OBJECTIVE: To determine factors associated with the interruption of outpatient care of HIV-positive patients.

METHODS: Non-concurrent prospective study carried out in a public AIDS referral center in Belo Horizonte, Brazil. Medical records were reviewed in order to assess factors associated with the interruption of clinical care of HIV patients admitted between 1993 and 1995. Patients should have attended at least one follow-up visit within a period of 7 months. Statistical analysis was carried out using Chi-square and relative hazard (RH) with 95% confidence interval (CI) estimated by Cox Regression Model.

RESULTS: Cumulative incidence of interruption was 54% among 517 patients included in the study (mean follow-up=24.6 months; 26.5/100 person-years). Multivariate analysis indicated that those individuals who had fewer (<2) CD4+ T lymphocyte cell counts (RH=1.94; 95% CI=1.32-2.84) did not have viral load measured (RH=14.94; IC 95%=5.44-41.04), attended <7 medical follow-up visits (RH =2.80; IC 95%=1.89-4.14), did not change clinical category (RH =1.40; IC 95% =1.00-1.93) and did not undergo any anti-retroviral therapy (RH =1.43; IC 95% =1.06-1.93) had independently an increased risk of interrupting clinical care.
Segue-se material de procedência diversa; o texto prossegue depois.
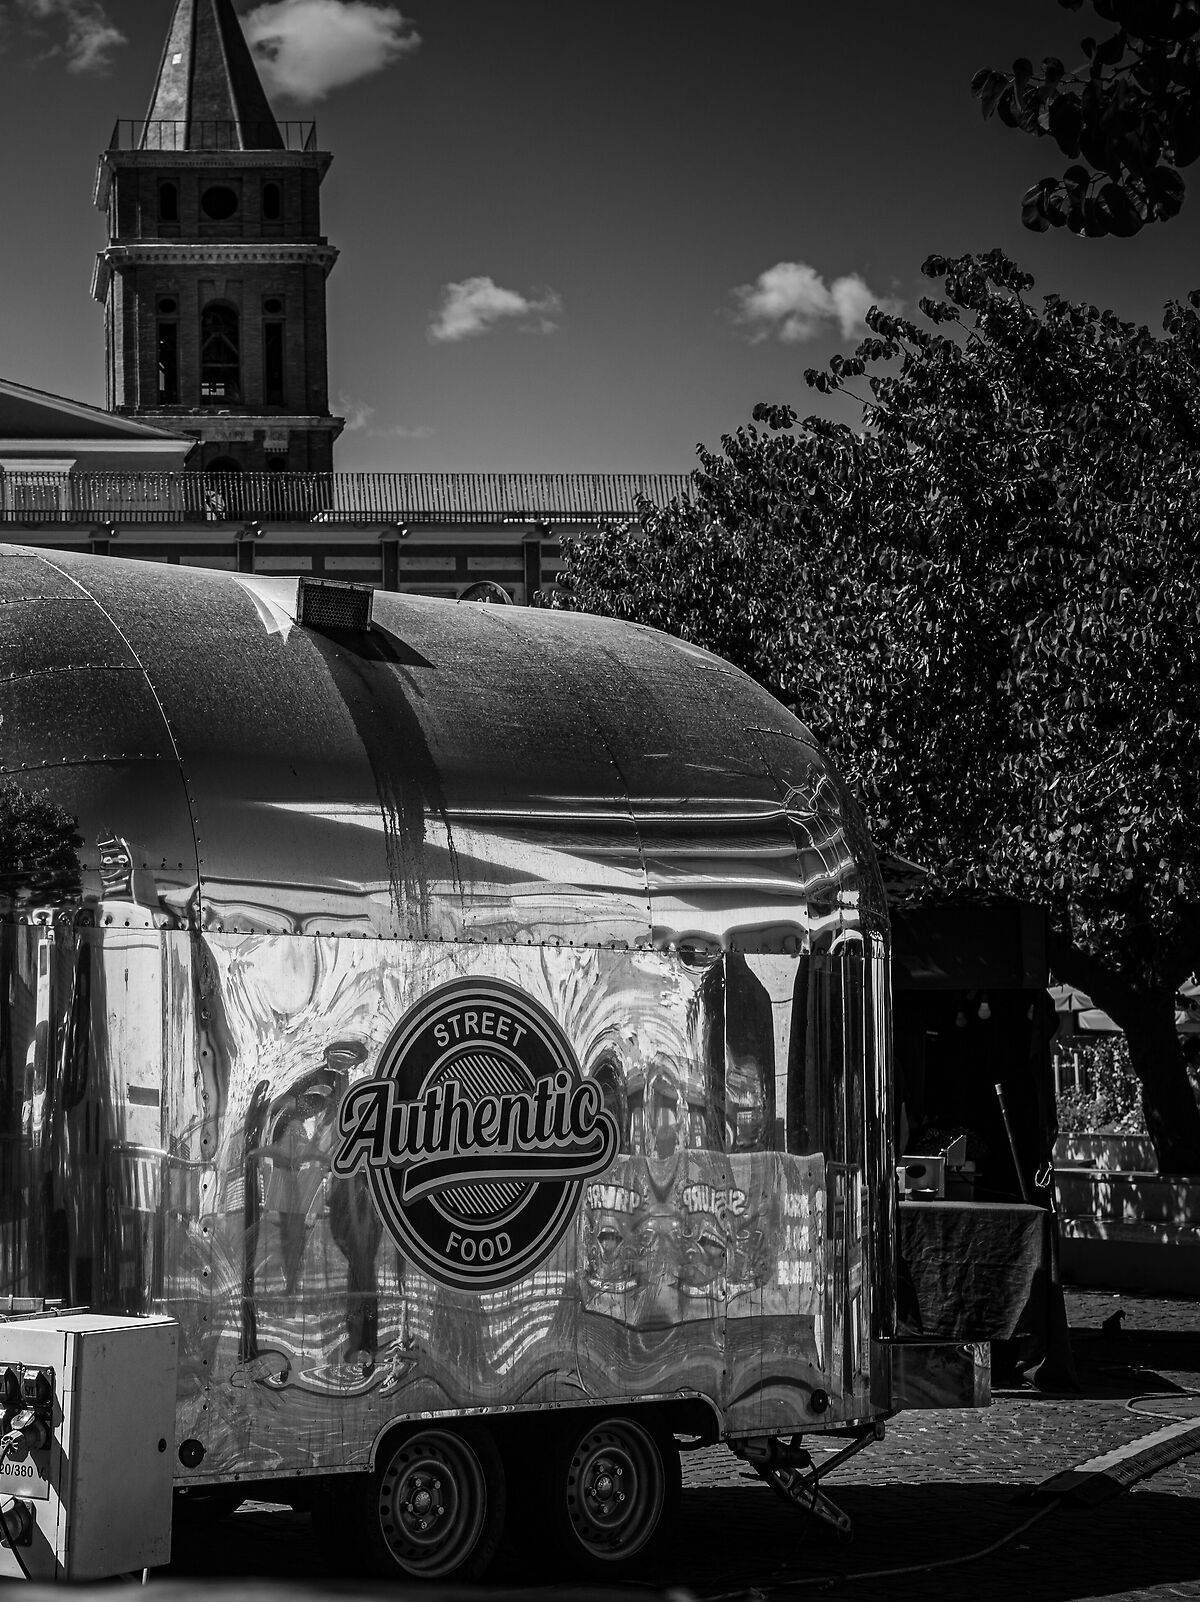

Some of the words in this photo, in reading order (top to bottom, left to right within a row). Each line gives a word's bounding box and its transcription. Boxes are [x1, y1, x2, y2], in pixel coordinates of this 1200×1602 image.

CONCLUSIONS: The rate of clinical interruption in this center is high. The results suggest that interruption may be a function of better clinical outcome, i.e. the service may give priority to those patients with more severe clinical condition, and interruption of clinical care may be a marker for future antiretroviral compliance.

Keyword: HIV. Acquired immunodeficiency syndrome. Health services. Patient dropouts. Patient compliance. Risk assessment. HIV seropositivity.

INTRODUÇÃO

A epidemia de HIV/Aids no mundo continua a ser, ao final do século XX, um importante problema de saúde pública a ser enfrentado. Dados da UNAIDS16 indicam expansão na prevalência da infecção pelo HIV em todos os continentes, entre 1996 e 2001, sendo particularmente importante na Ásia (160%), Europa Oriental (1300%) e África (100%).

No Brasil, dados de notificação apontam crescimento constante da epidemia e mostram a magnitude do problema. Em 1999, 59% dos 5507 municípios brasileiros já haviam registrado pelo menos um caso de Aids6 com um total de 222.356 notificações no País até setembro de 2001.10

A evolução da epidemia exige uma reflexão própria, pois expõe o cenário de contradições sociais no qual se desenvolve e, muitas vezes, a limitada capacidade de resposta do poder público às demandas surgidas. O avanço do conhecimento sobre HIV/Aids, bem como o desenvolvimento de novas formas de diagnóstico e terapêutica para as pessoas infectadas, têm deslocado a capacidade de intervenção para estágios mais precoces da doença, com conseqüente aumento da sobrevida dos pacientes.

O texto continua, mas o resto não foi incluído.